When Gallinari was shown on the arena’s video board, he was standing near Boston’s bench wearing street clothes. He sheepishly looked up and waved, clearly wishing that he was on the court instead.
But the forward continues to take small steps as he rehabilitates from the likely season-ending left ACL tear he suffered while playing for Italy in a World Cup qualifier in September. For example, this is his first road trip of the season, and he was glad to at least come back to Atlanta and see familiar faces.
“It’s good to be back on a trip and just traveling with the guys,” he said. “I think I’m progressing well. We see every day how the knee is doing and see progress every day, every week, every two weeks. We look at all the progress. I don’t have any timetable or anything in mind, but I’m just taking it day by day.”

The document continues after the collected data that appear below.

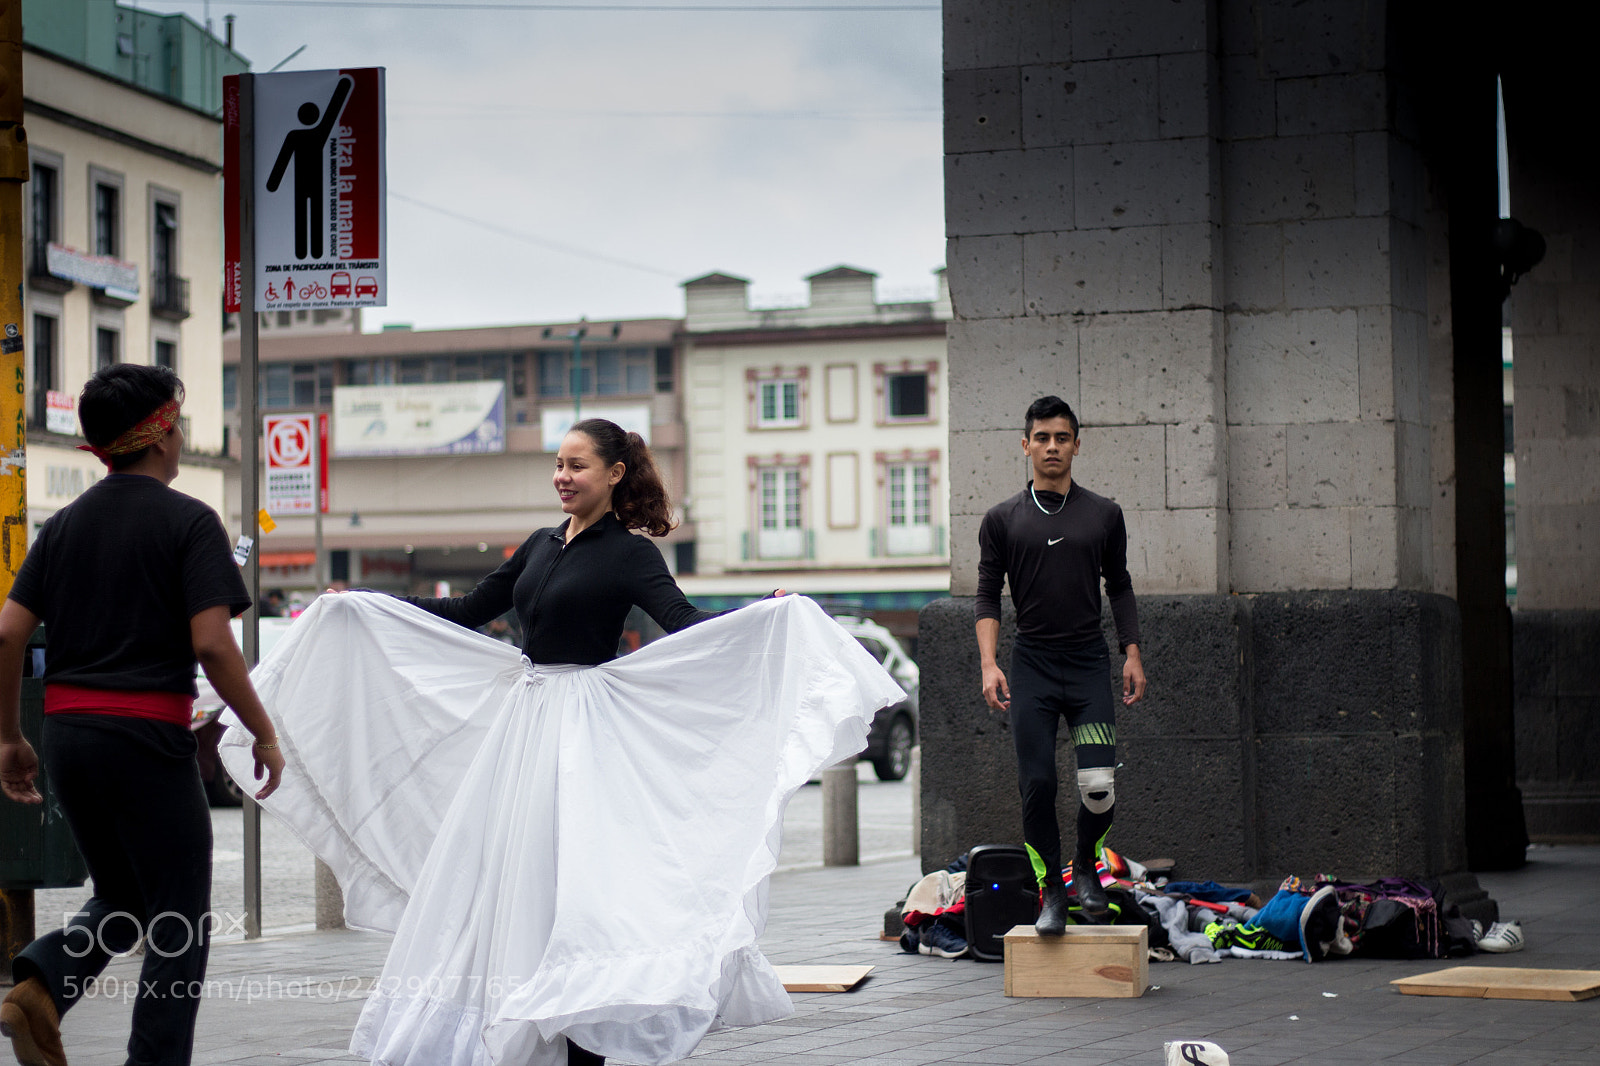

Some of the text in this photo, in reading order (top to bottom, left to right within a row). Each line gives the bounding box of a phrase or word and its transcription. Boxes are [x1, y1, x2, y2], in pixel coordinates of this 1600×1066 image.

[330, 187, 337, 197] TU
[339, 125, 356, 258] alza la mano
[330, 222, 337, 232] DE
[265, 264, 282, 273] ZONA
[283, 264, 291, 272] DE
[292, 262, 334, 271] PACIFICACIÓN
[348, 261, 379, 270] TRÁNSITO
[16, 366, 24, 394] NO

Gallinari, 34, acknowledged that it can be challenging to squint for signs of improvement when a return remains so far away. But he looks for small wins where he can find them. He said it felt significant to simply take his first steps after surgery, for example.
“And you start doing more and more stuff in the weight room, doing some stuff in the swimming pool that I wasn’t able to do two weeks ago,” he said. “Things like that help.”

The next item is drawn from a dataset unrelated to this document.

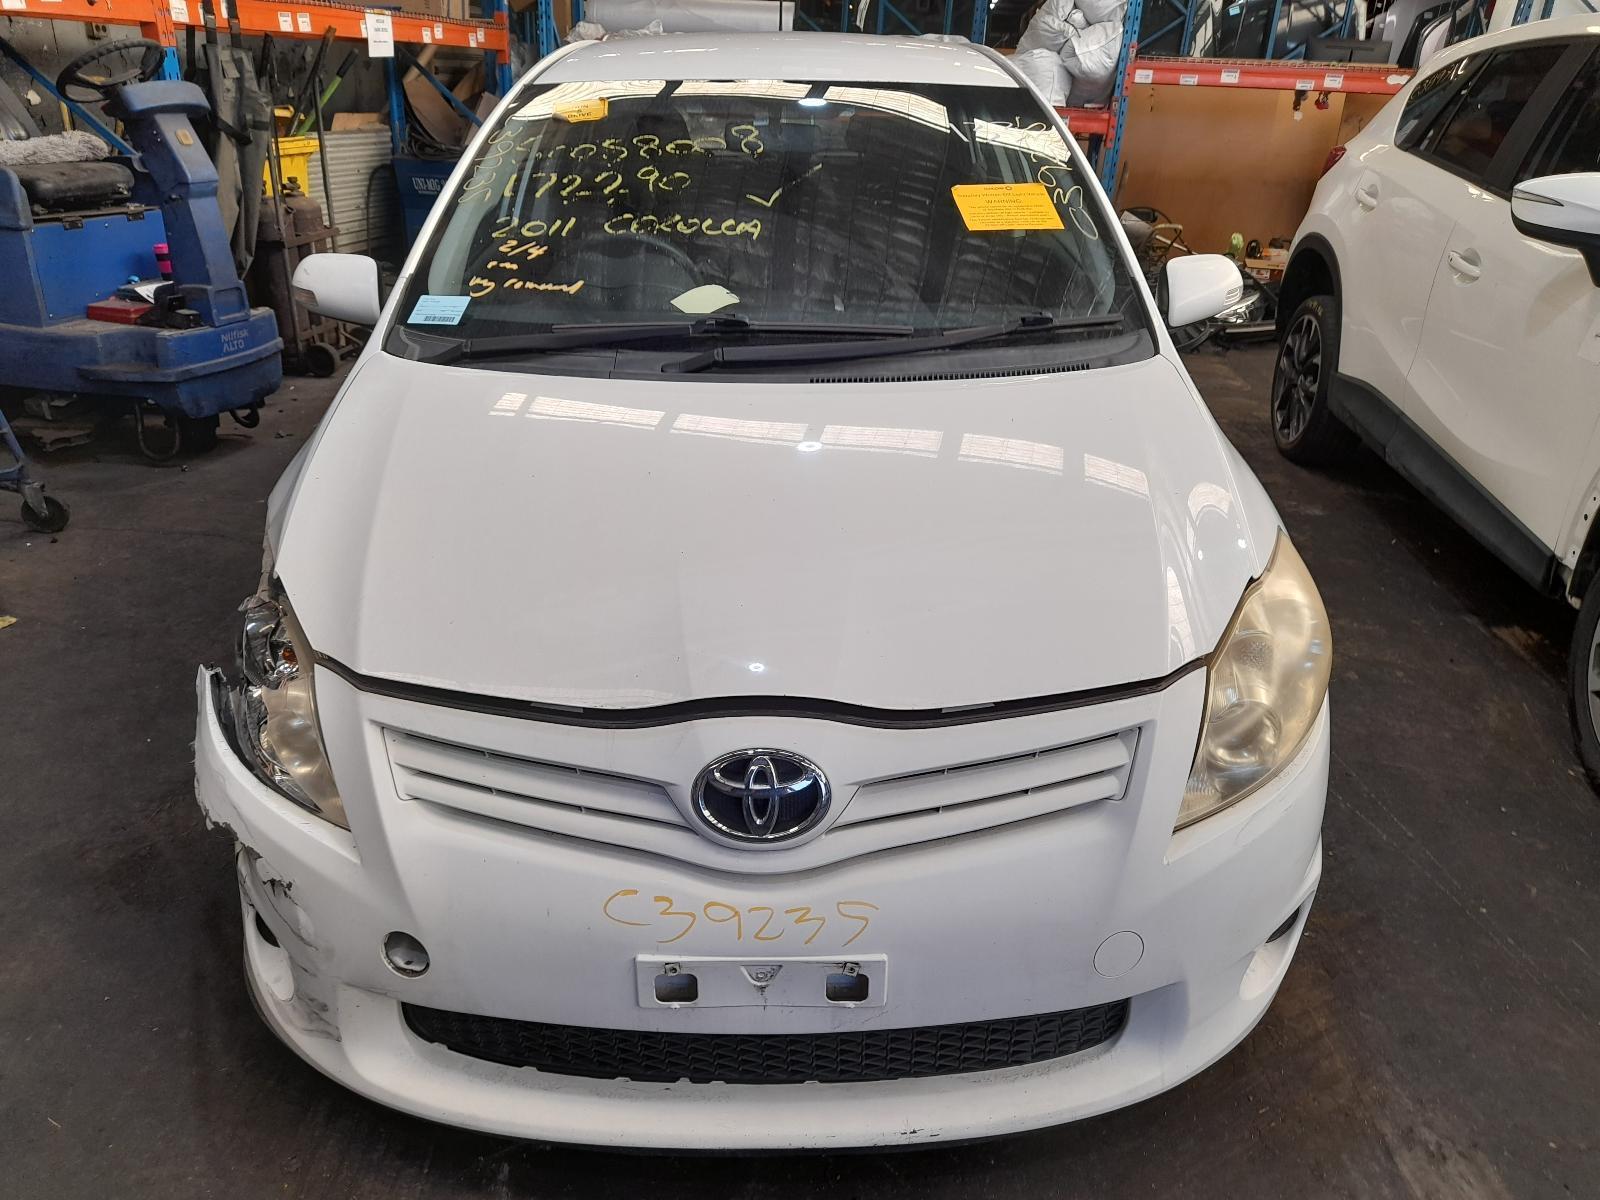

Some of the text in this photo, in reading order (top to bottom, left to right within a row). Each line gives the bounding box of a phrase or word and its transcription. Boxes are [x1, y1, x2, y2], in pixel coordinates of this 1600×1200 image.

Gallinari tore the ACL in the same knee while playing for the Nuggets in April 2013. He obviously wishes he weren’t familiar with the recovery process following such a crushing injury, but it is now helpful to know what to expect.

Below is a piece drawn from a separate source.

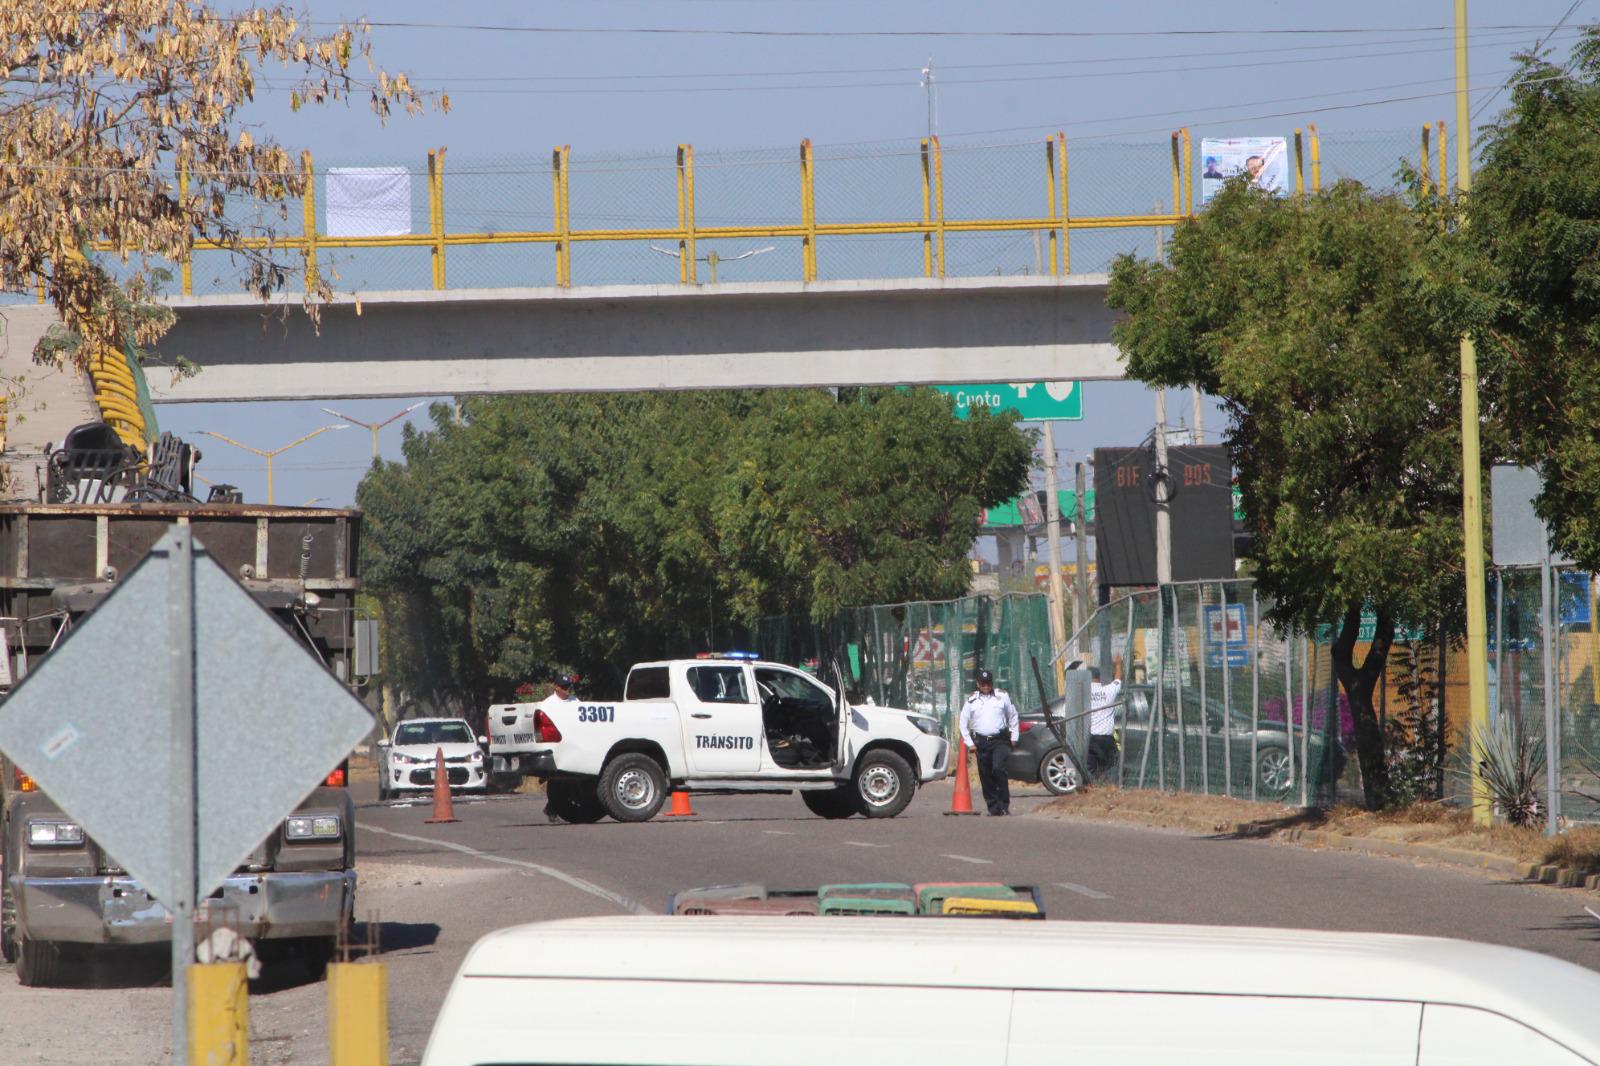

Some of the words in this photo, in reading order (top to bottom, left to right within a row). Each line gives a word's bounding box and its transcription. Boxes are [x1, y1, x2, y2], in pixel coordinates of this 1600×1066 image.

[956, 391, 1000, 408] Cuota
[578, 706, 614, 722] 3307
[695, 733, 753, 750] TRÁNSITO

Gallinari, who was signed to provide instant offense off the bench, said it’s been a joy to watch the Celtics’ top-ranked unit pummel opposing defenses, even if he is not ready to join in the fun. He has put out congratulatory social media posts after most wins and is trying to stay engaged.
“It’s been great,” he said. “I think the guys are playing very well. We’re on a winning streak right now and hopefully can keep winning games. The guys are locked in and doing a great job.”
Gallinari’s replacement, second-year forward Sam Hauser, has been a bit of a revelation. After pouring in five 3-pointers in Wednesday’s win, he is now shooting 45.2 percent from beyond the arc. The Celtics have outscored opponents by 24 points per 100 possessions with Hauser on the floor, the best net rating on the team by nearly 10 points.
“It’s really fun to earn the trust and respect of your coach and the ones you’re playing with out there,” Hauser said. “It’s something that takes a lot of work and you’ve got to prove it each and every day.
“I’m glad I’ve gotten to the level where there’s times they’re looking for me to get a shot up as opposed to themselves. But I’m out there to do what I do best, and that’s shoot the ball and space the floor for these guys.”
Hauser’s emergence ultimately could make Gallinari redundant. Gallinari has a player option on his two-year, $13.3 million deal next season, but by that time he will be 35 and coming off his second major knee surgery. Regardless, Gallinari remains confident that he will have a place on this roster that appears to have a championship window open right now.